Top of Exercise data

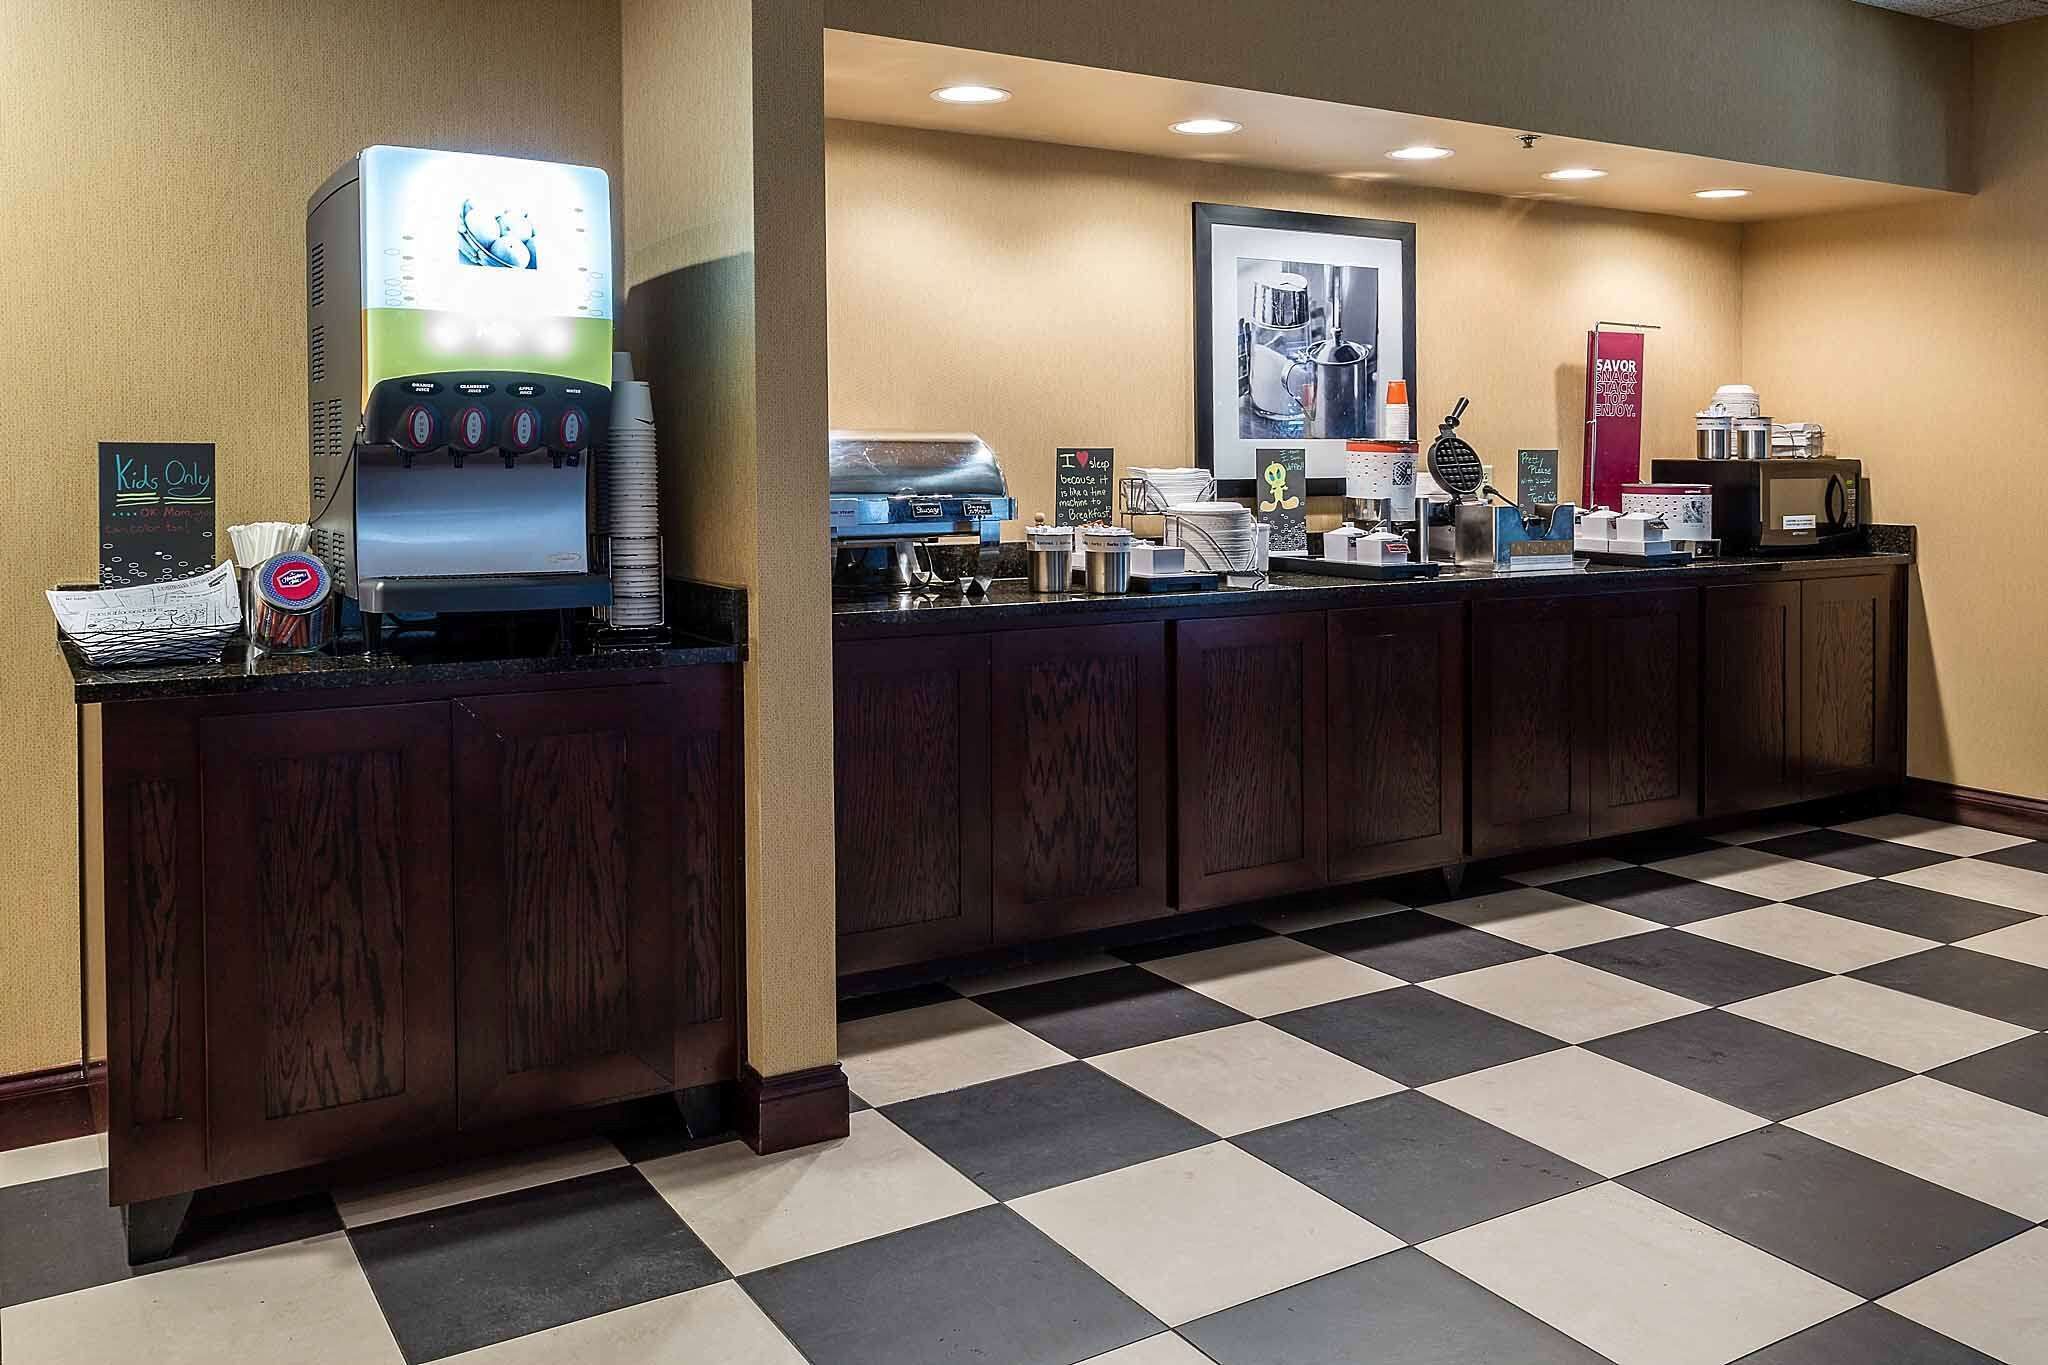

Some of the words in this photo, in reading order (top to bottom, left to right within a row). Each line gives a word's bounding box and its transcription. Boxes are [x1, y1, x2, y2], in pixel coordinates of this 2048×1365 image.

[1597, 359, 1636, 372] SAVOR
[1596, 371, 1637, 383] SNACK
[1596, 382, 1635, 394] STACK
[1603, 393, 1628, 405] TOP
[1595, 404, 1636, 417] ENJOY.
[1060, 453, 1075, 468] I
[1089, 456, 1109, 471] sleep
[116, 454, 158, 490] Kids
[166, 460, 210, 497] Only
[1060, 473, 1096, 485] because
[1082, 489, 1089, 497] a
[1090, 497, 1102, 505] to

Bottom of Exercise data

-- Problem to solve --
Pictures do not belong in the copy. Output all of the records exactly.

-- Solution to this problem --
Some of the words in this photo, in reading order (top to bottom, left to right within a row). Each line gives a word's bounding box and its transcription. Boxes are [x1, y1, x2, y2], in pixel coordinates of this 2048×1365 image.

[1597, 359, 1636, 372] SAVOR
[1596, 371, 1637, 383] SNACK
[1596, 382, 1635, 394] STACK
[1603, 393, 1628, 405] TOP
[1595, 404, 1636, 417] ENJOY.
[1060, 453, 1075, 468] I
[1089, 456, 1109, 471] sleep
[116, 454, 158, 490] Kids
[166, 460, 210, 497] Only
[1060, 473, 1096, 485] because
[1082, 489, 1089, 497] a
[1090, 497, 1102, 505] to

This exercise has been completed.